Migrants in Hungary Clash With Riot Police

BICSKE, HUNGARY / MUGLA, TURKEY (Reuters) -
Scores of migrants try to board a train at the Keleti Railway Station in Budapest, Hungary, Thursday. Hundreds of thousands of refugees are fleeing war-torn regions of Europe and the Middle East. (AP Photo/Petr David Josek)
Scores of migrants try to board a train at the Keleti Railway Station in Budapest, Hungary, Thursday. Hundreds of thousands of refugees are fleeing war-torn regions of Europe and the Middle East. (AP Photo/Petr David Josek)

Migrants forced from a train in Hungary scuffled with helmeted riot police and some clung to railway tracks on Thursday, as politicians across Europe struggled to respond to public opinion appalled by images of a drowned 3-year-old boy.

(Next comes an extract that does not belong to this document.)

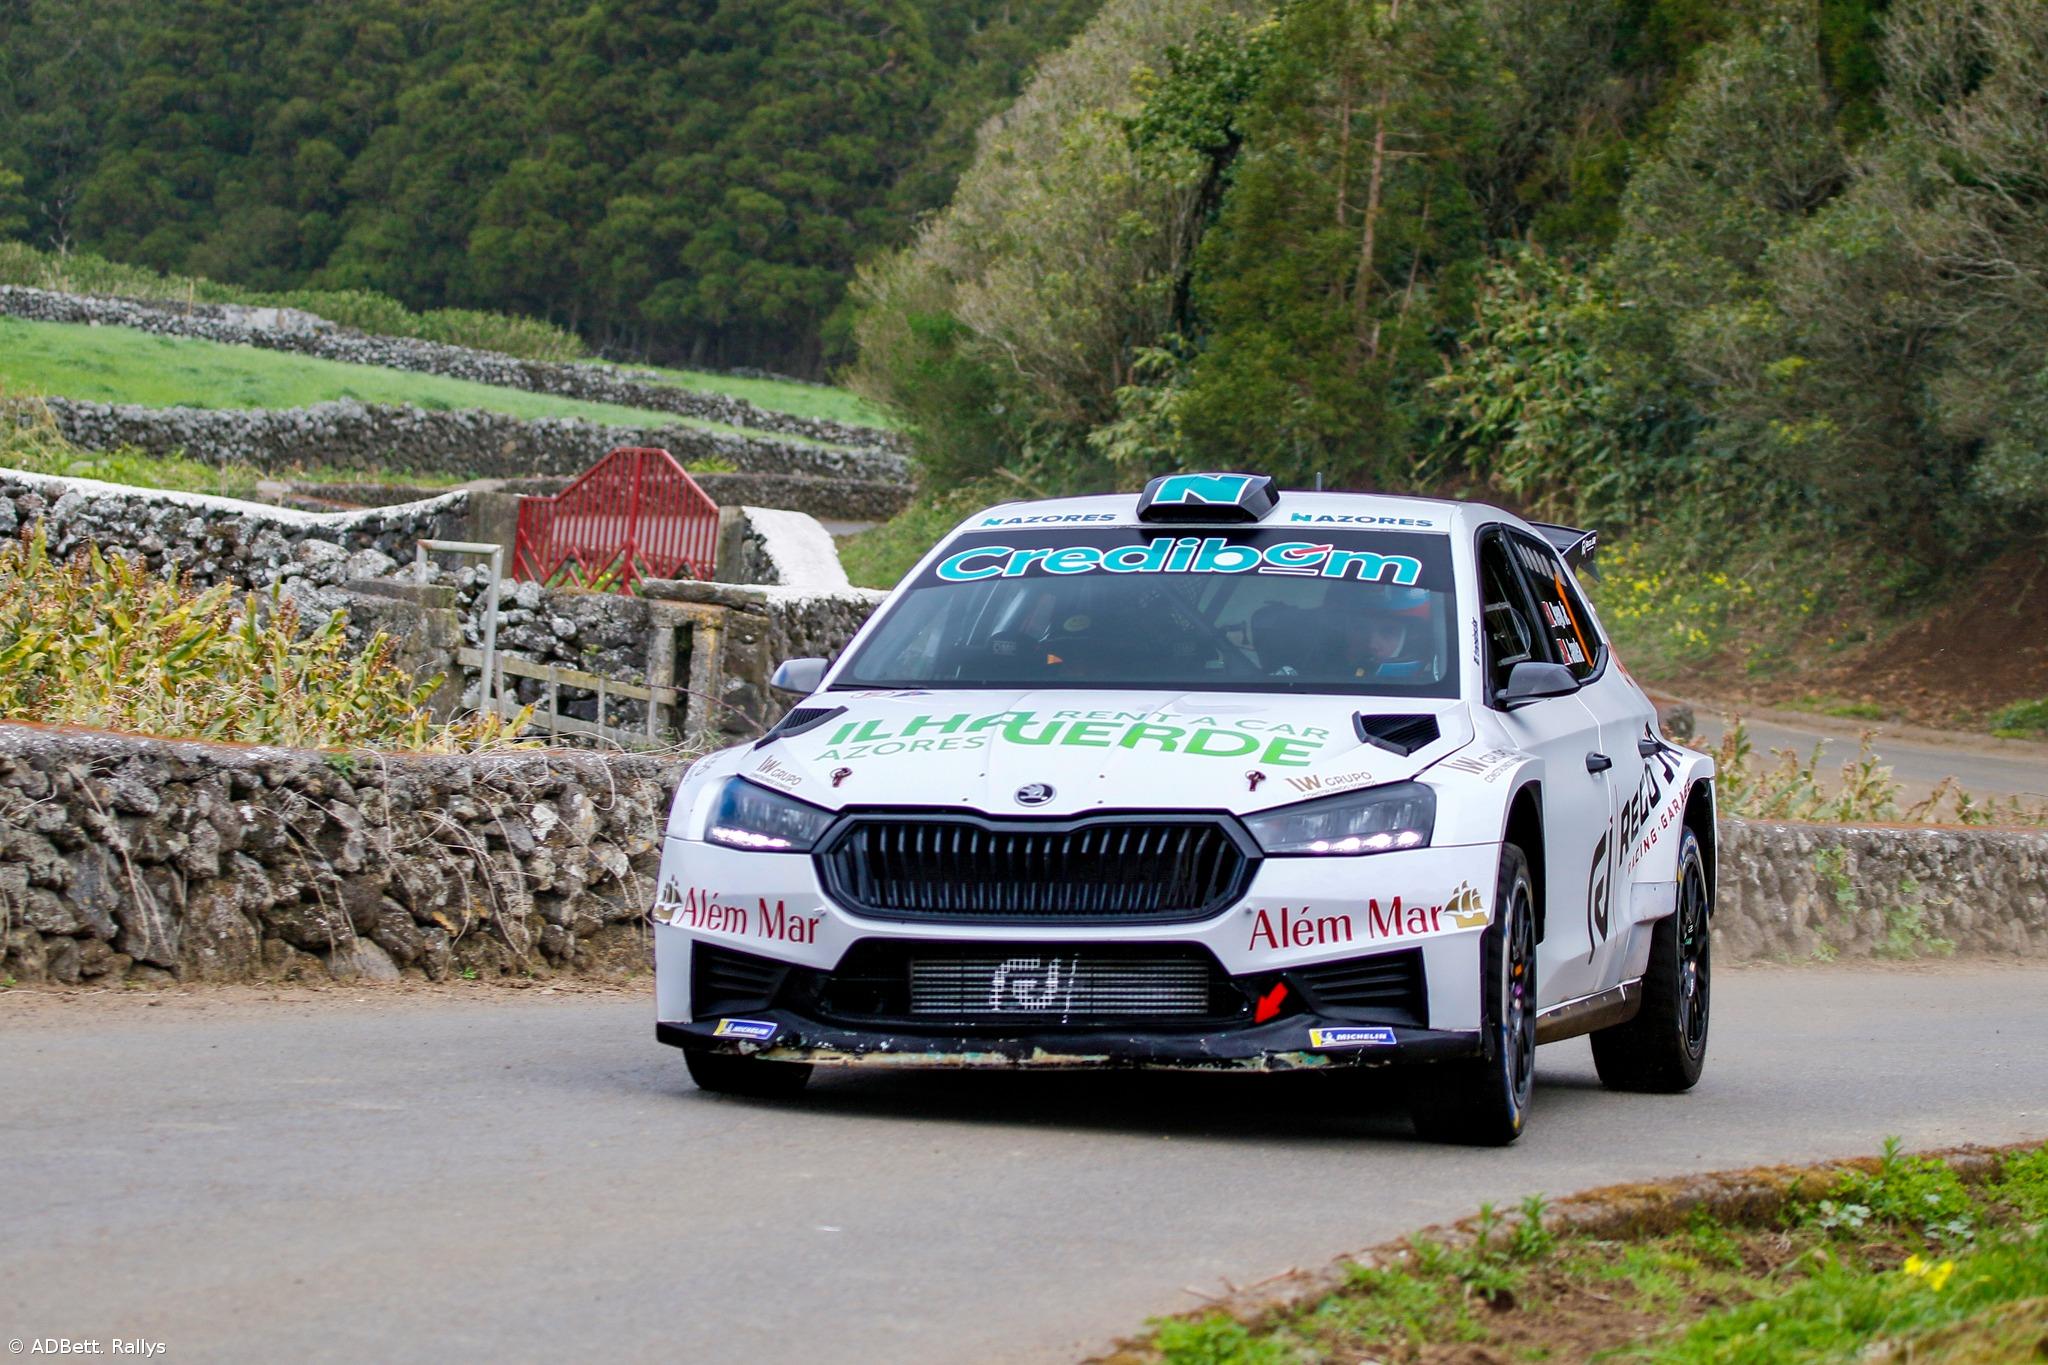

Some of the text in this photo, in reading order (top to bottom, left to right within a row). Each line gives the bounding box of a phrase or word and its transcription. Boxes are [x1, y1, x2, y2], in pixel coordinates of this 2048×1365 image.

France and Germany said European countries must be required to accept their shares of refugees, proposing what would potentially be the biggest change to the continent’s asylum rules since World War Two.

Nearly all first reach the EU’s southern and eastern edges before pressing on for richer and more generous countries further north and west — above all, Germany, which has emphasized its moral duty to accept those fleeing genuine peril.

Accusing some European countries of failing to “assume their moral burdens,” French President Francois Hollande said he had agreed with German Chancellor Angela Merkel on “a permanent and obligatory mechanism” to allocate refugees across the bloc.

Politicians across the continent acknowledged the impact on Thursday of images of a 3-year-old boy in a red T-shirt and tiny sneakers face down in the surf of a Turkish beach, which gave a haunting human face to the tragedy of thousands dead at sea.

“He had a name: Aylan Kurdi. Urgent action required — A Europe-wide mobilization is urgent,” French Prime Minister Manuel Valls wrote on Twitter.

The boy’s 5-year-old brother Galip and 35-year-old mother Rehan were also among 12 people who died when two boats carrying 23 capsized while trying to reach a Greek island.

“Let This Be the Last”

His father Abdullah Kurdi, who was rescued barely conscious, collapsed in tears after emerging from a morgue where the bodies were held.

“The things that happened to us here, in the country where we took refuge to escape war in our homeland, we want the whole world to see this,” Abdullah told reporters.

“We want the world’s attention on us, so that they can prevent the same from happening to others. Let this be the last,” he said.

Hungary has emerged as the primary entry point for those reaching the EU overland across the Balkans, and its right-wing government has become one of the most vocal on the continent opposing large-scale immigration.

Thursday brought a days-long stand-off to a pitch as Hungarian authorities who refused to let migrants board trains for Germany for days finally allowed hundreds onto a train bound for the Austrian frontier — only to halt it at Bicske, a town outside Budapest with an immigration registration center.

Hundreds of exhausted people had crammed aboard, clinging to doors and squeezing their children through open carriage windows. When the train was halted, most refused to get off.

Police cleared one carriage, while five more stood at the station in the heat. Fearing detention, some migrants banged on windows chanting “No camp! No camp!”

Opposing Positions

Hollande’s announcement of an agreement with Merkel on a mandatory system to allocate refugees would transform the asylum rules for the 28-member EU, which operates common frontiers but requires countries to process refugees separately.

The major EU countries have taken sharply opposing positions on how far to open their doors, symbolized most prominently by Germany and Britain.

Germany, led strongly on the issue by Merkel, plans to receive 800,000 refugees this year and has budgeted billions in additional welfare spending for them.

Britain, by contrast, has set up a program to allow in vulnerable Syrians that has admitted just 216. It has also granted asylum to around 5,000 Syrians who managed to reach British shores since the war began four years ago, but Prime Minister David Cameron has opposed mandatory EU refugee quotas.

“There isn’t a solution to this problem that’s simply about taking people,” he said Thursday.

Other EU states are also likely to strongly resist a system that would require them to take in large numbers of refugees.